Presenter
Ghatak Akashneel - University of Texas at Austin, African and African Diaspora Studies, Austin, United StatesPanel
26 – Radical Poetics in the Literary Cultures of South AsiaAbstract
The very term resistance poetry in itself assumes a generic shift which is paradigmatic. It is what poetry has not been before it came,for which we needed a new label,a sub-generic marker,a closed nomenclature? The question then is what makes a poem of resistance? If we are calling it a generic shift,then what are the markers of this change? Are these markers fixed?

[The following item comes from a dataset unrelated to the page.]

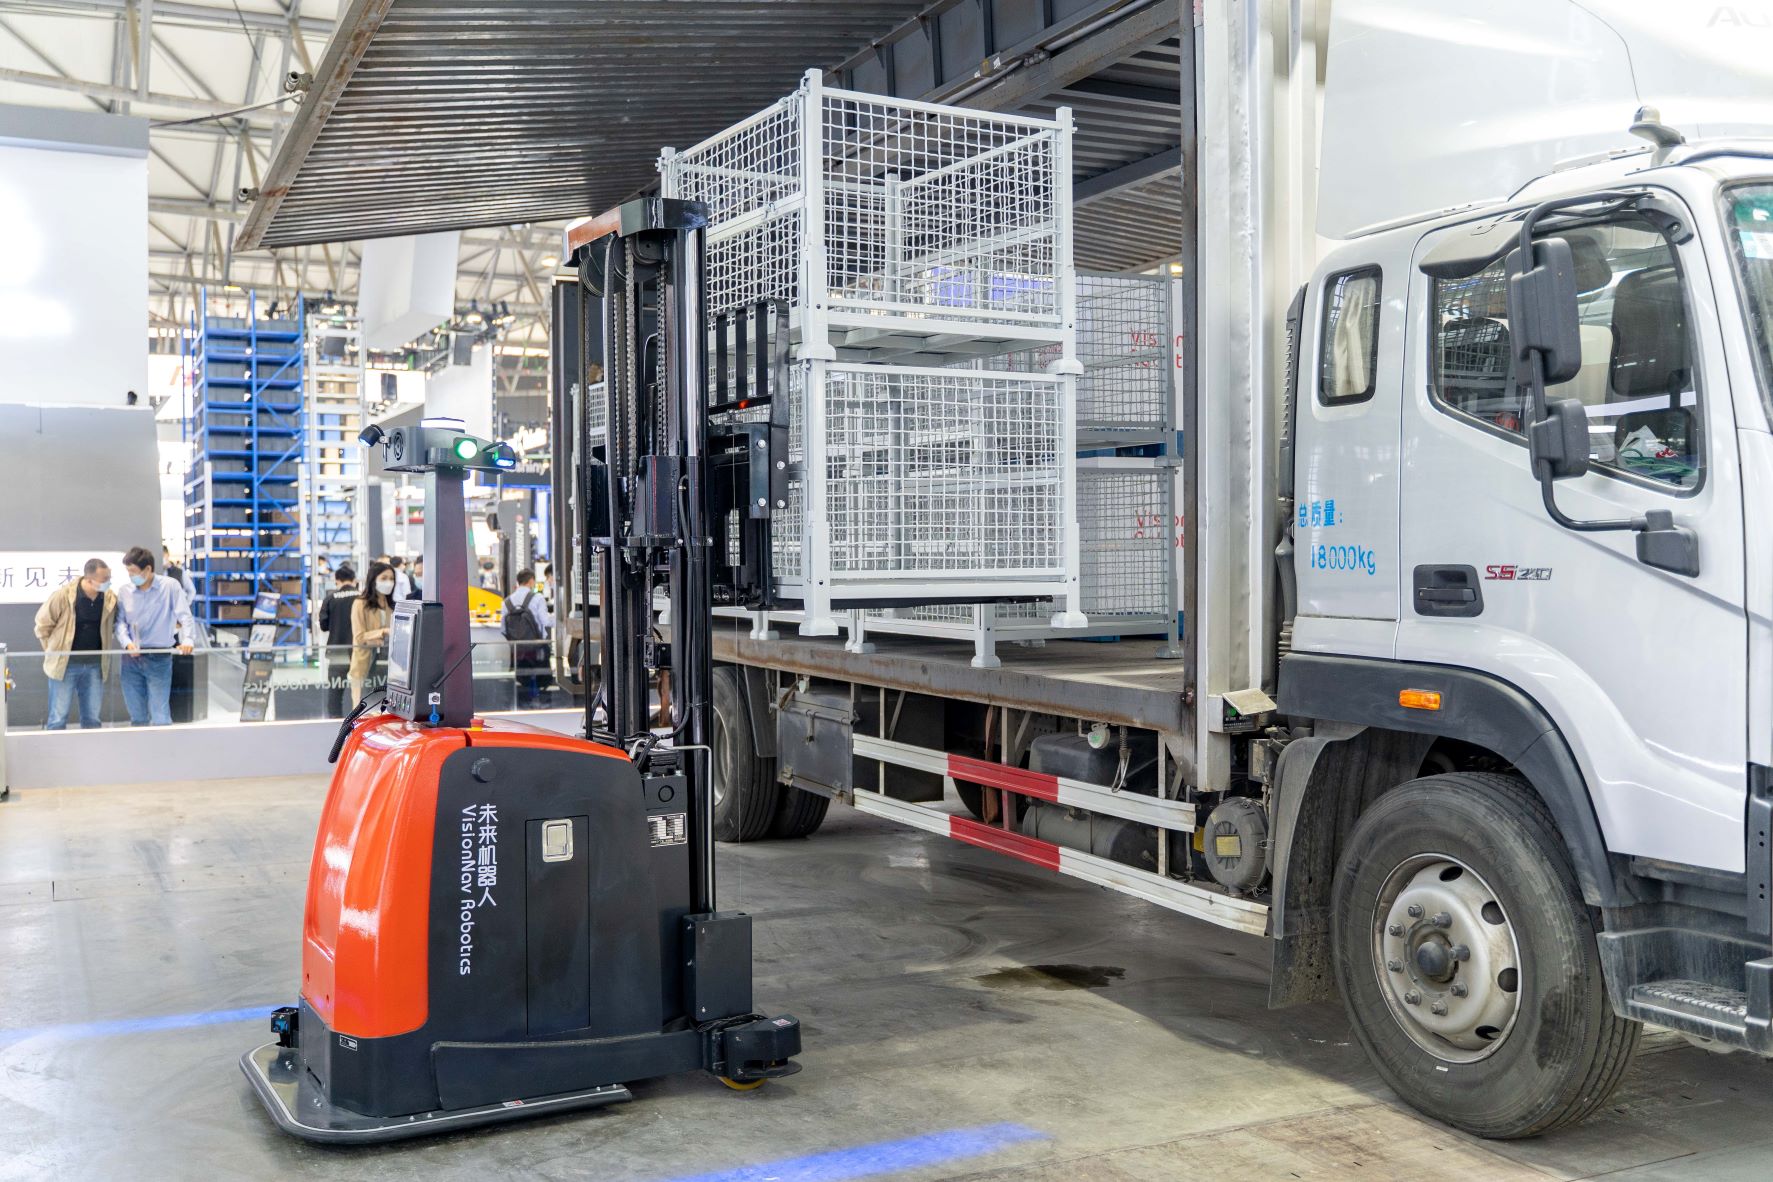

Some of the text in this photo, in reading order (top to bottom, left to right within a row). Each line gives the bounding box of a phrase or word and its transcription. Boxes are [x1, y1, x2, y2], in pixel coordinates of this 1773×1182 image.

[1311, 545, 1376, 575] 18000kg
[459, 804, 477, 976] VisionNav Robotics
[477, 803, 498, 907] 未来机器人

A not so irrelevant question of chronology also seeks equal attention that if resistance is as old as poetry,then why is resistance poetry so ‘new’? Are we talking about mere scholarly ignorance and the processes of cannonization or critical organization or are we asking a better basic question that was all poetry from it’s begining non-resistant?
This paper seeks to understand these questions in the context of the poetry of Namdeo Dhasal, post-colonial India’s major Dalit poet. Dhasal,a cab driver turned poet,whom many call the Baudlaire of Marathi poetry, begins a poetic repertoire which tore apart the Bramhical aesthetic order of his day. Sharankumar Limbale in his book ‘Toward a Dalit Aesthetics’ mentions how ‘Krodh’ (Anger) becomes a tenth rasa in Dalit Literature and it is perhaps this repertoire of anger we identify most articulated in resistance poetry, this paper then develops on the validity of this expectation,to ask in what ways this idea of a resistance poem can also be fixed,closed and counter-critical. This would need us to consider the newness of ‘resistance poetry’ and trace a generic analysis.